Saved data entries
▼
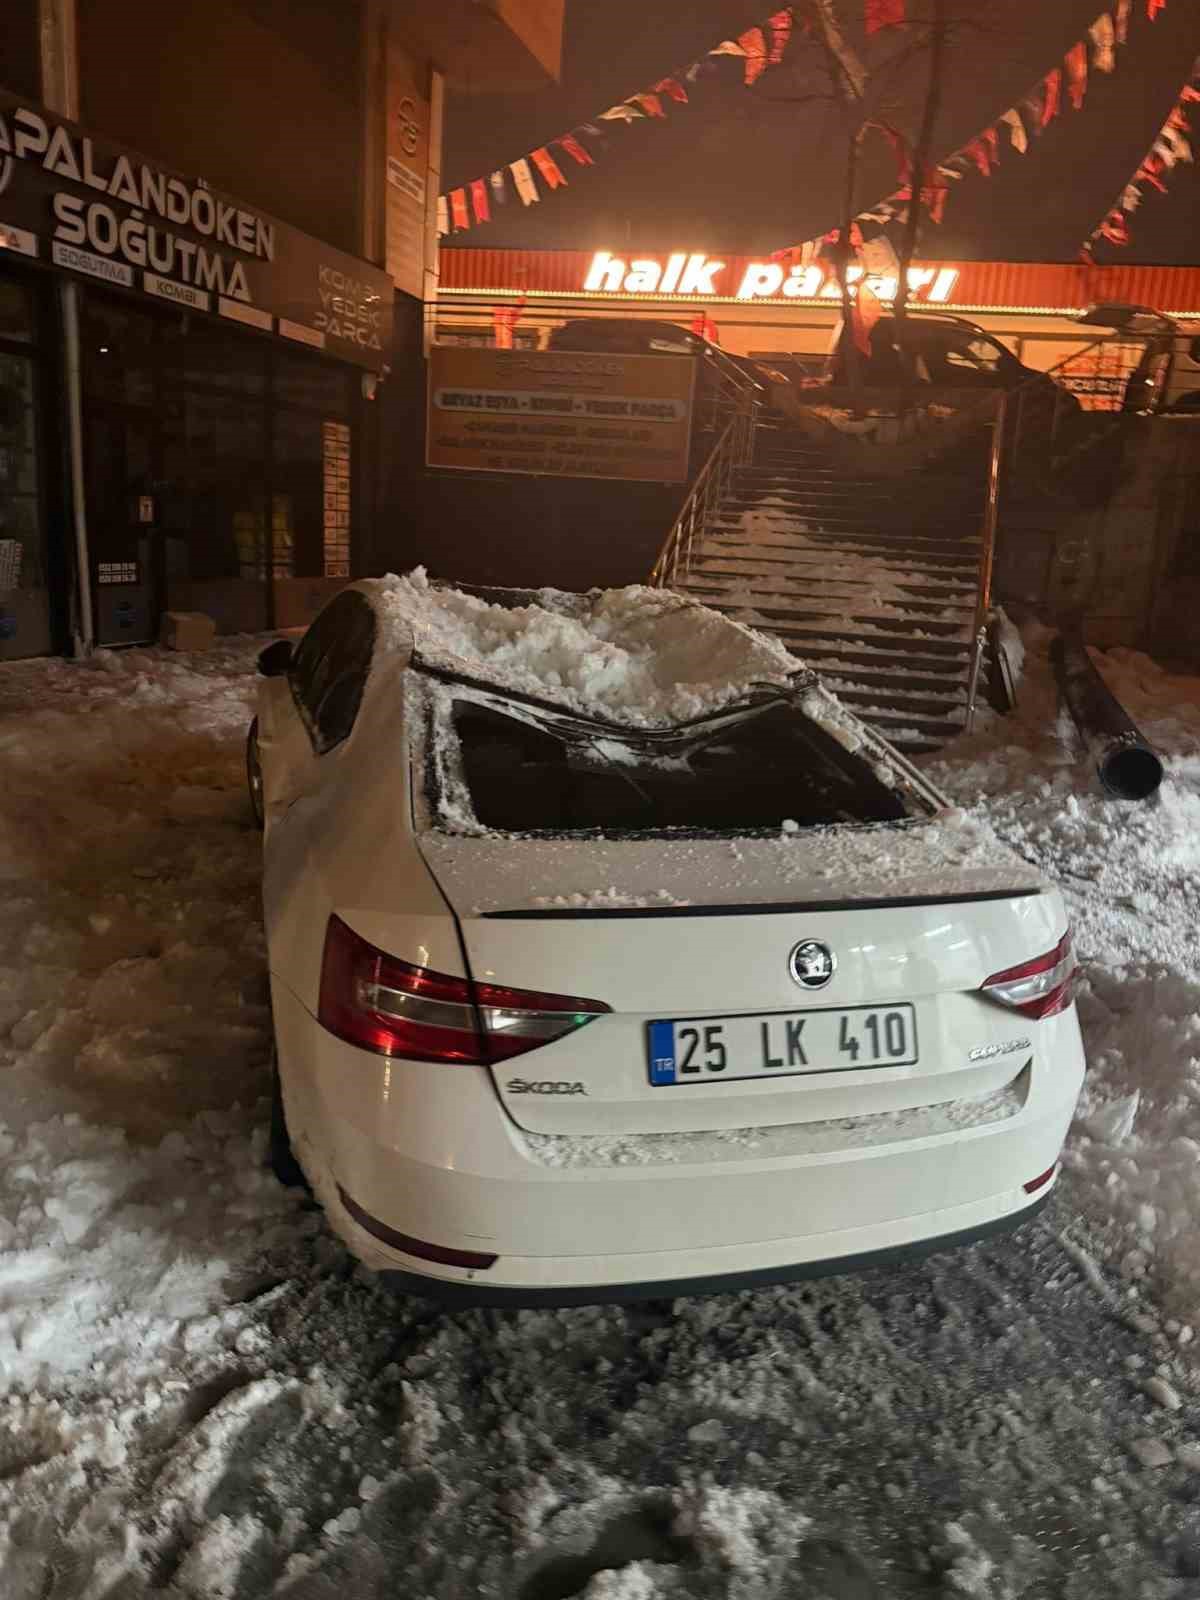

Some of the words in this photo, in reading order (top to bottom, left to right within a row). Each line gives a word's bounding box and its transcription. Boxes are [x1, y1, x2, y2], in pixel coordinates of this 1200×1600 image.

[53, 192, 251, 301] SOĞUTMA
[584, 251, 725, 295] halk
[317, 287, 382, 329] YEDEK
[313, 311, 384, 352] PARÇA
[679, 1025, 728, 1074] 25
[761, 1019, 809, 1068] LK
[839, 1012, 906, 1061] 410
[655, 1058, 675, 1072] TR
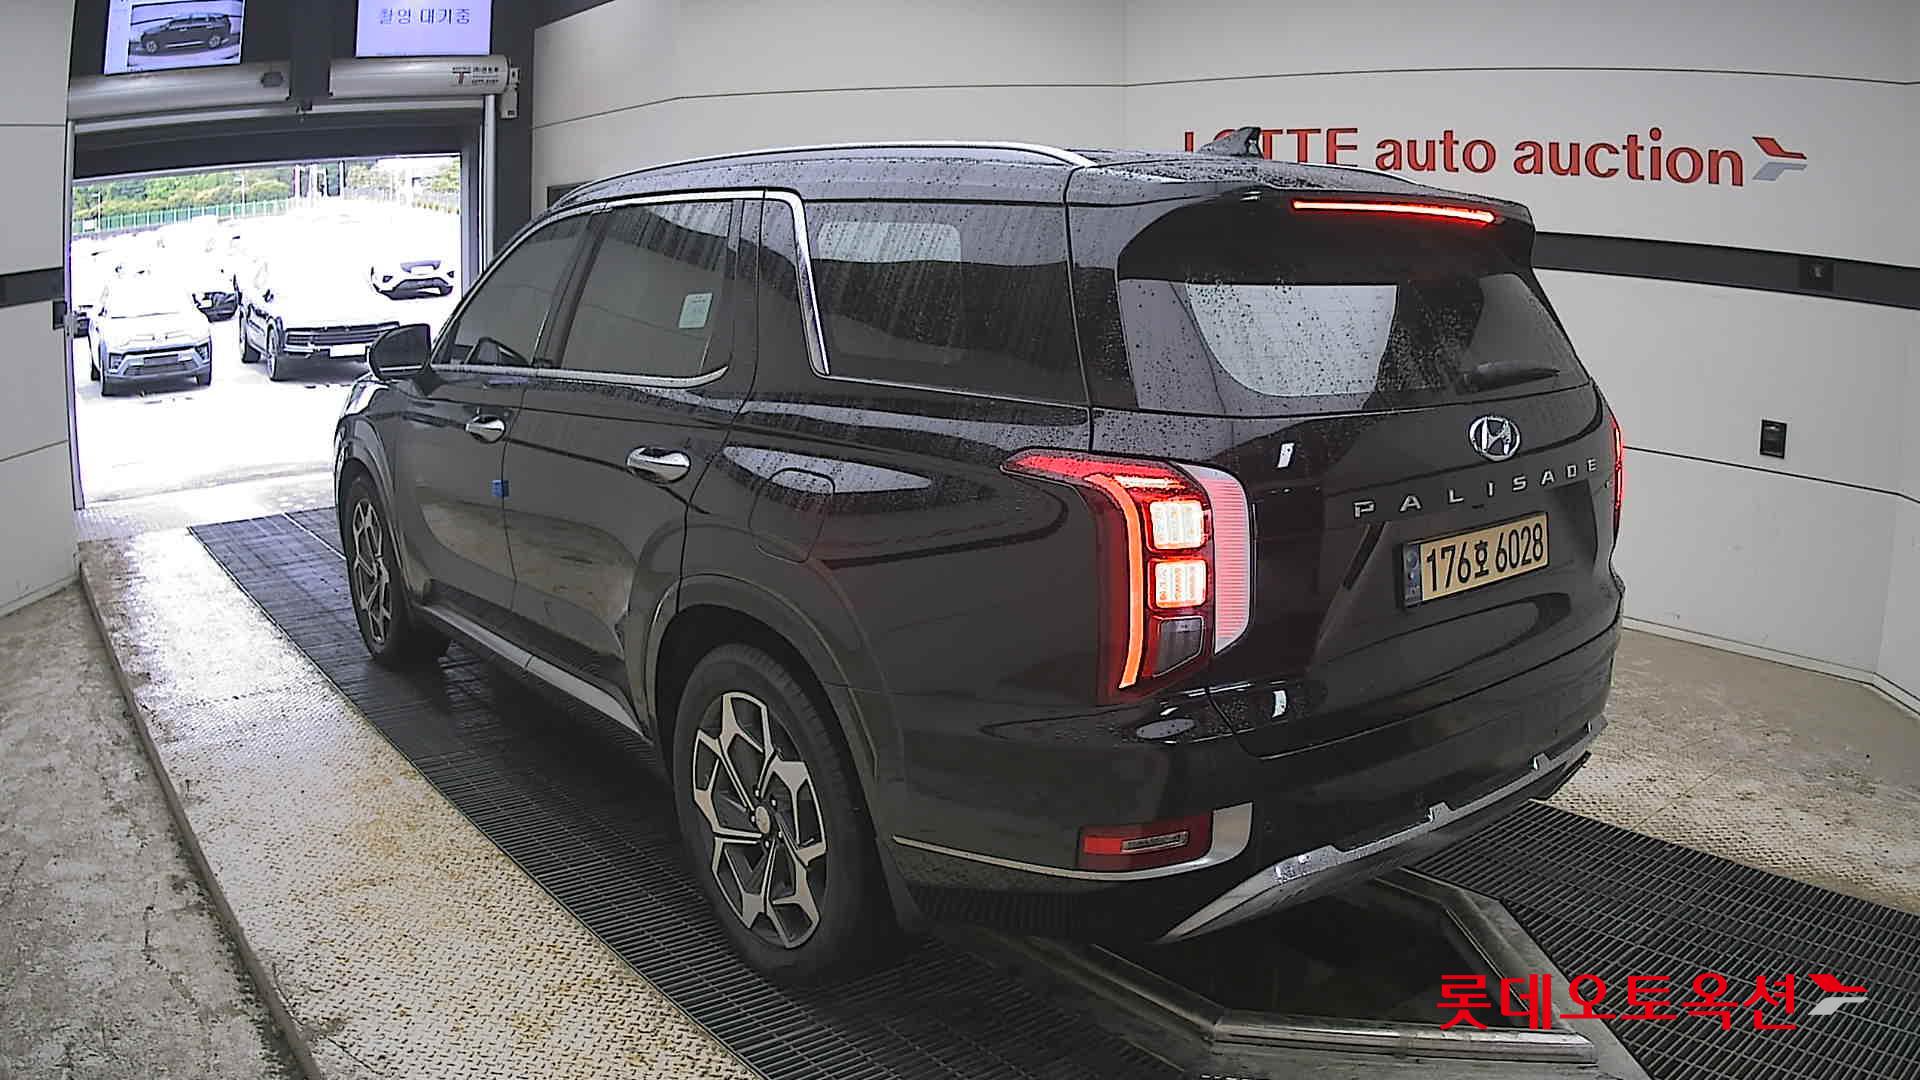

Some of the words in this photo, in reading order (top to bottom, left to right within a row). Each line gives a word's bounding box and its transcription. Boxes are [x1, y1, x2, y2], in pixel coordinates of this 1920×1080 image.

[420, 8, 470, 24] 대기중
[1375, 129, 1497, 174] auto
[1512, 127, 1745, 187] auction
[1353, 458, 1598, 518] PALISADE
[1426, 539, 1490, 592] 176호
[1495, 523, 1544, 573] 6028
▲
EXERCISE DIRECTIONS
All of the entries above must be reproduced exactly, and no image may be included.

ANSWER BELOW
Some of the words in this photo, in reading order (top to bottom, left to right within a row). Each line gives a word's bounding box and its transcription. Boxes are [x1, y1, x2, y2], in pixel coordinates of this 1200×1600 image.

[53, 192, 251, 301] SOĞUTMA
[584, 251, 725, 295] halk
[317, 287, 382, 329] YEDEK
[313, 311, 384, 352] PARÇA
[679, 1025, 728, 1074] 25
[761, 1019, 809, 1068] LK
[839, 1012, 906, 1061] 410
[655, 1058, 675, 1072] TR

Some of the words in this photo, in reading order (top to bottom, left to right within a row). Each line gives a word's bounding box and its transcription. Boxes are [x1, y1, x2, y2], in pixel coordinates of this 1920×1080 image.

[420, 8, 470, 24] 대기중
[1375, 129, 1497, 174] auto
[1512, 127, 1745, 187] auction
[1353, 458, 1598, 518] PALISADE
[1426, 539, 1490, 592] 176호
[1495, 523, 1544, 573] 6028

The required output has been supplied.